3) Does make good sense to me.  I wonder if the same logic applies to 1) because you use "trusted blacklist" types to eliminate messages before they get to declude.exe?  In which case, the X-IMAIL- header is irrelevant because IMail immediately deletes the message.
 
Andrew.
 
p.s. I haven't upgraded to IMail 8 yet; I'm planning on upgrading the hardware, IMail and JunkMail Pro all at the same time.
-----Original Message-----
From: Kami Razvan [mailto:[EMAIL PROTECTED]
Sent: Thursday, July 24, 2003 1:31 PM
To: [EMAIL PROTECTED]
Subject: RE: [Declude.JunkMail] Declude using 50% cpu

Hi;
 
Let me share our experience and what we did to help it.
 
1:  We put all the IP4r tests in IMail (of course version 8 if you have it)
 
2:  Created a weight XHeader file and gave the header that appears for each test a weight.  The following is a snapshot of what we have for the file:
 
HEADERS          8          CONTAINS          X-IMAIL-SPAM-DNSBL: (BHOLE-RUSSIA
HEADERS          5          CONTAINS          X-IMAIL-SPAM-DNSBL: (BHOLE-YIPES
HEADERS          1          CONTAINS          X-IMAIL-SPAM-DNSBL: (BLARS
HEADERS          1          CONTAINS          X-IMAIL-SPAM-DNSBL: (COMPU
HEADERS          1          CONTAINS          X-IMAIL-SPAM-DNSBL: (DELINK
HEADERS          6          CONTAINS          X-IMAIL-SPAM-DNSBL: (DSBL
HEADERS          1          CONTAINS          X-IMAIL-SPAM-DNSBL: (DSBLALL
 
3:  With IMail version 8 we also moved the kill list to IMail from Declude.  In previous versions IMail did not handle Kill lists very well but with 8 and the wild card we changed our kill list and moved to IMail.  This helped a lot since emails are simply blocked at IMail level and never make it to Declude.  This reduced a lot of load since Declude will never see an email from a blacklisted address.  We know that Declude finishes everything it has to before taking the action, delete in this case, so if Declude will delete the message anyway why let it see it to start with?
 
Of course these may not matter much to most but we have a lot of filter files so perhaps our imposed load is a tad out of ordinary.
 
All these together - simply taking the best of both worlds - eased the load on the server.
 
I am sure others have other experiences but this is our experience.
 
Regards,
Kami
 
-----Original Message-----
From: [EMAIL PROTECTED] [mailto:[EMAIL PROTECTED] On Behalf Of Mark Gordon
Sent: Thursday, July 24, 2003 4:05 PM
To: '[EMAIL PROTECTED]'
Subject: RE: [Declude.JunkMail] Declude using 50% cpu

Thanks for that info Andrew, however I am looking at the task manager for my box and even 1 declude process was taking 50% then it popped up another process with 45% granted these go away when the messages are finished, however this server passes a LOT of traffic, so the number of processes for imail is default (30), I hope it wouldnt use that many for it would kill the box.

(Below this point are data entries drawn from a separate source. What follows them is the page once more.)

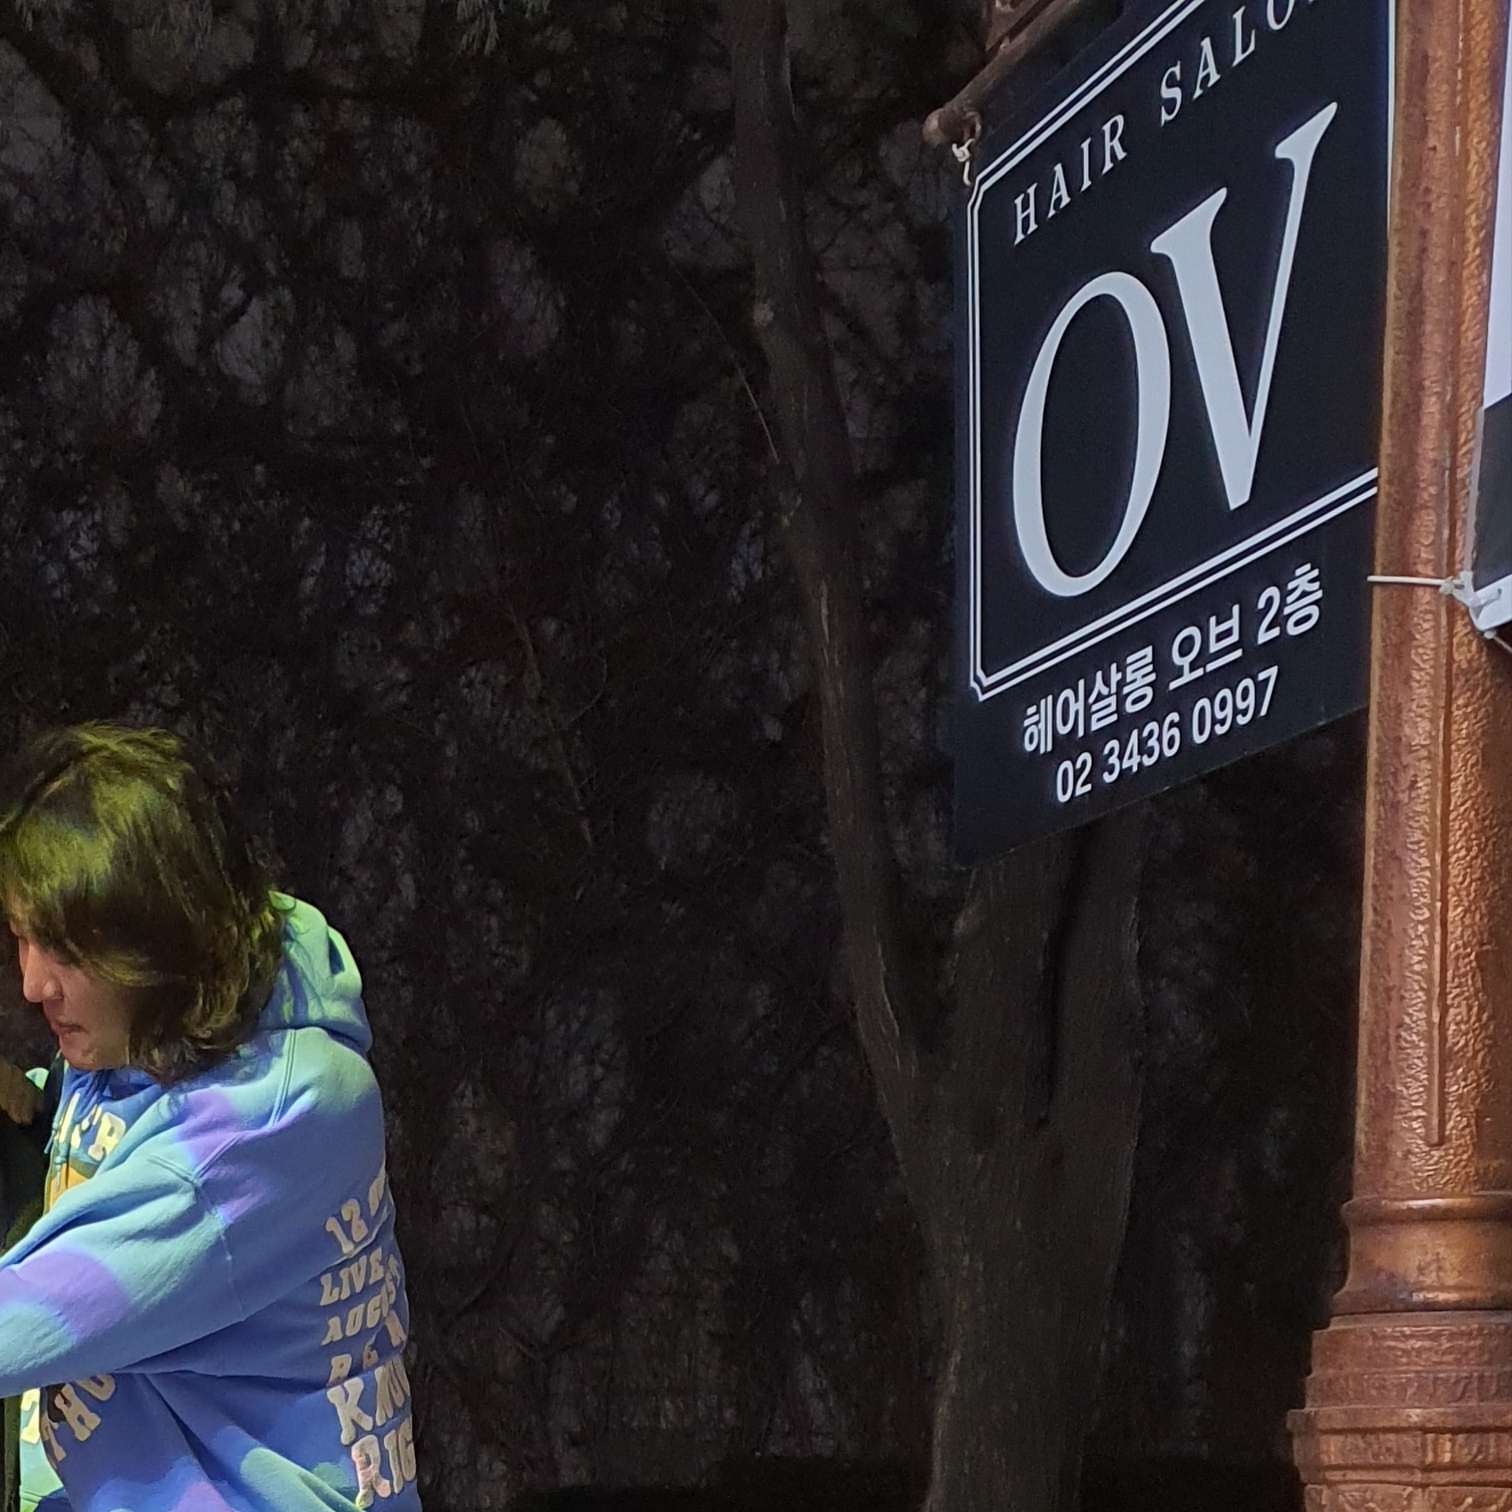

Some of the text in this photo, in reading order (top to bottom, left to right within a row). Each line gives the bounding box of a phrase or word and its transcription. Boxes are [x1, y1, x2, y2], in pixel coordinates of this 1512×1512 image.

[1014, 0, 1314, 246] HAIR SALO
[1012, 102, 1338, 598] OV
[1023, 562, 1323, 754] 헤어살롱 오브 2층
[1056, 665, 1279, 803] 02 3436 0997
[320, 1247, 385, 1307] LIVE

I let declude run for 2 hours and my monitors reported 95-100% cpu usage consistantly.
-----Original Message-----
From: Colbeck, Andrew [mailto:[EMAIL PROTECTED]
Sent: Thursday, July 24, 2003 3:56 PM
To: '[EMAIL PROTECTED]'
Subject: RE: [Declude.JunkMail] Declude using 50% cpu

Mark, it may be interesting for you to note that we don't set the number of instances of Declude directly.  Instead, the "max processes" limit in your IMail SMTP advanced settings is what governs the total number of IMail and declude.exe instances.
 
Also, an important infrastructure detail is that IMail calls one declude.exe for each message (not recipient), and declude.exe quits after it is done. Watch Task Manager for a while, sort alphabetically, and watch the number of declude.exe instances come and note that their PIDs are always changing.
 
When I first evaluated Declude JunkMail Pro, I had assumed it ran as a service and IMail passed it data as necessary.  This was entirely wrong, so the previous two paragraphs would have been helpful to me.  I hope they help you.
 
Andrew 8)
-----Original Message-----
From: Mark Gordon [mailto:[EMAIL PROTECTED]
Sent: Thursday, July 24, 2003 12:15 PM
To: '[EMAIL PROTECTED]'
Subject: [Declude.JunkMail] Declude using 50% cpu

We are evaluating declude and have noticed a considerable increase in the cpu cycles associated with mail delivery. Is there anyway have it run in an isolated cpu instance? since there are multiple instances of declude.exe running, I would guess it would be hard to lock it down.